> **WORK ORDER**
Please repeat every record below exactly as written, but leave out the pictures.

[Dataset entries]
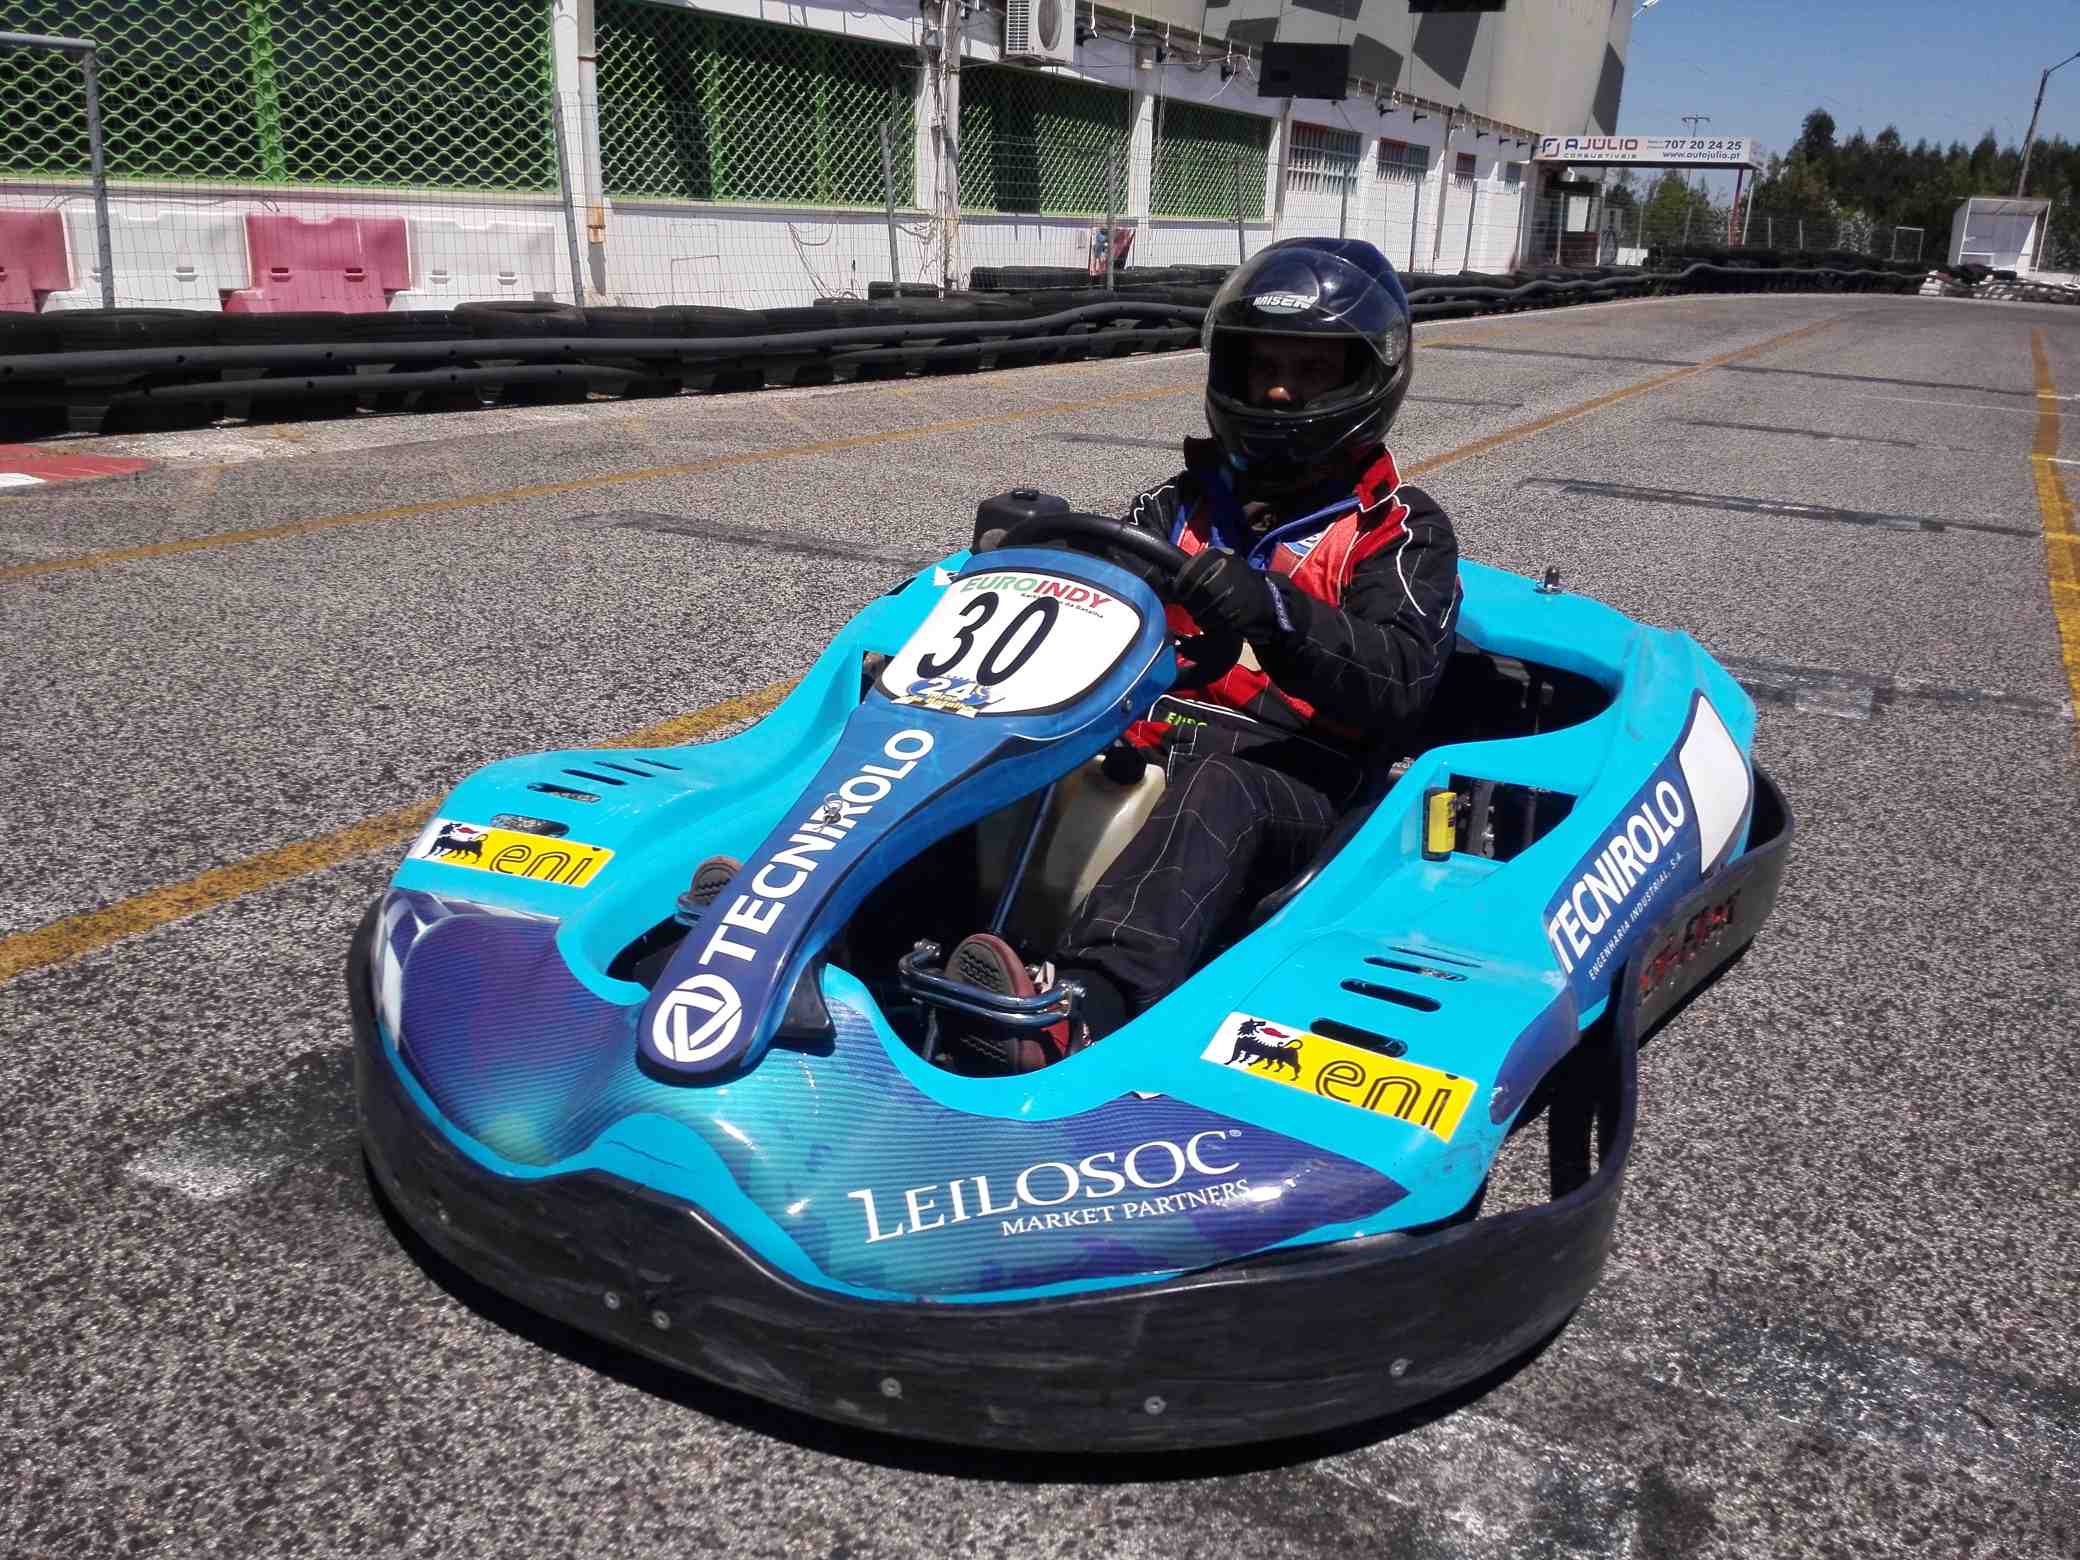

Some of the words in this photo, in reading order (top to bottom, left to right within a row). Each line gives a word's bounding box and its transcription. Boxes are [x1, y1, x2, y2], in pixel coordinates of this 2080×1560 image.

[1664, 140, 1686, 149] 707
[1689, 140, 1705, 150] 20
[1708, 140, 1723, 150] 24
[1726, 141, 1742, 151] 25
[960, 576, 1113, 611] EUROINDY
[916, 591, 1060, 686] 30
[489, 844, 602, 885] eni
[698, 729, 935, 965] TECNIROLO
[1547, 780, 1685, 974] TECNIROLO
[1587, 919, 1631, 981] ENGENHARIA
[1315, 1060, 1459, 1131] eni
[1001, 1206, 1115, 1236] MARKET
[1122, 1179, 1250, 1220] PARTNERS
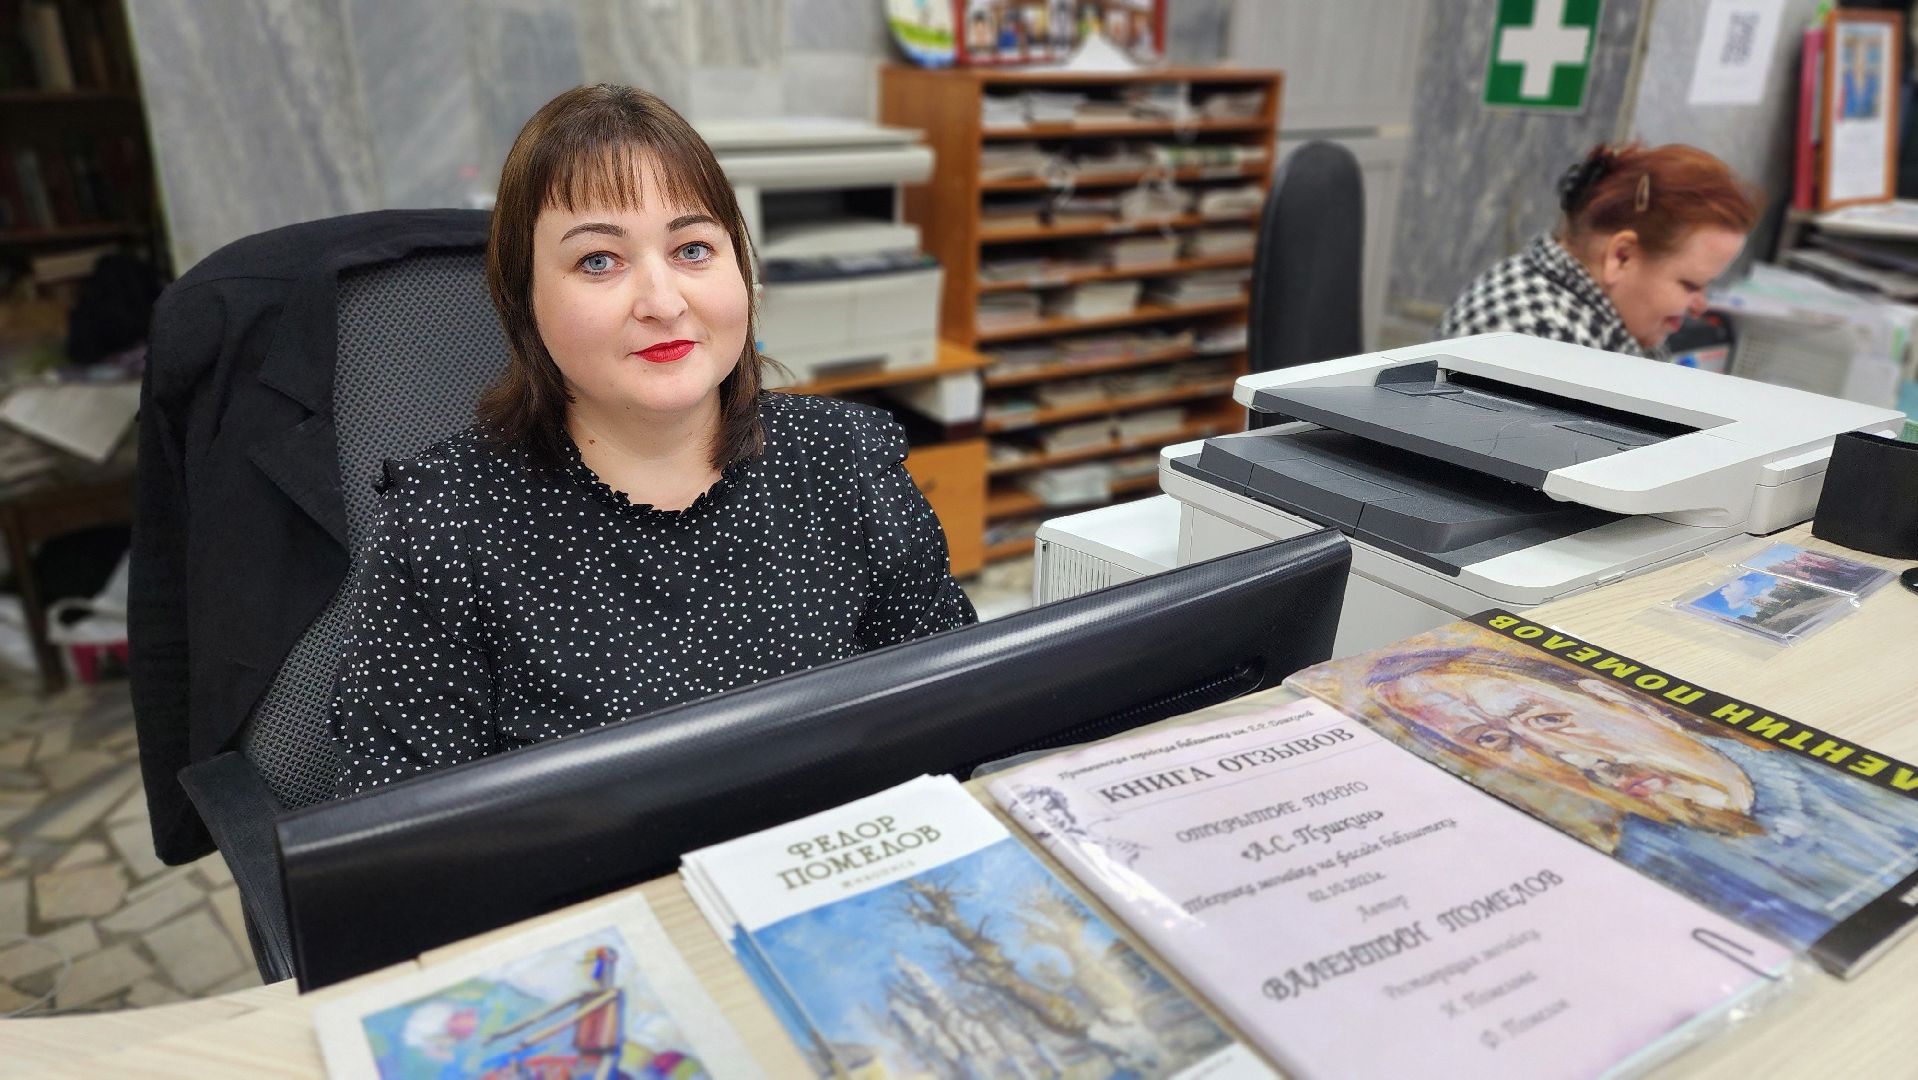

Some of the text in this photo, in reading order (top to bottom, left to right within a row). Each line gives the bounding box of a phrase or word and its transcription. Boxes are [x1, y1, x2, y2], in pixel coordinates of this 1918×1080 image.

[1488, 615, 1706, 705] ПОМЕЛОВ
[1100, 727, 1355, 805] КНИГА ОТЗЫВОВ
[787, 815, 897, 859] ФЕДОР
[1175, 781, 1369, 843] ОТКРЫТИЕ ПАННО
[776, 825, 941, 891] ПОМЕЛОВ
[1261, 920, 1433, 1001] ВАЛЕНТИН
[1436, 868, 1564, 932] ПОМЕЛОВ

> **OUTPUT OF THE EXERCISE**
Some of the words in this photo, in reading order (top to bottom, left to right within a row). Each line gives a word's bounding box and its transcription. Boxes are [x1, y1, x2, y2], in pixel coordinates of this 2080×1560 image.

[1664, 140, 1686, 149] 707
[1689, 140, 1705, 150] 20
[1708, 140, 1723, 150] 24
[1726, 141, 1742, 151] 25
[960, 576, 1113, 611] EUROINDY
[916, 591, 1060, 686] 30
[489, 844, 602, 885] eni
[698, 729, 935, 965] TECNIROLO
[1547, 780, 1685, 974] TECNIROLO
[1587, 919, 1631, 981] ENGENHARIA
[1315, 1060, 1459, 1131] eni
[1001, 1206, 1115, 1236] MARKET
[1122, 1179, 1250, 1220] PARTNERS

Some of the text in this photo, in reading order (top to bottom, left to right within a row). Each line gives the bounding box of a phrase or word and its transcription. Boxes are [x1, y1, x2, y2], in pixel coordinates of this 1918×1080 image.

[1488, 615, 1706, 705] ПОМЕЛОВ
[1100, 727, 1355, 805] КНИГА ОТЗЫВОВ
[787, 815, 897, 859] ФЕДОР
[1175, 781, 1369, 843] ОТКРЫТИЕ ПАННО
[776, 825, 941, 891] ПОМЕЛОВ
[1261, 920, 1433, 1001] ВАЛЕНТИН
[1436, 868, 1564, 932] ПОМЕЛОВ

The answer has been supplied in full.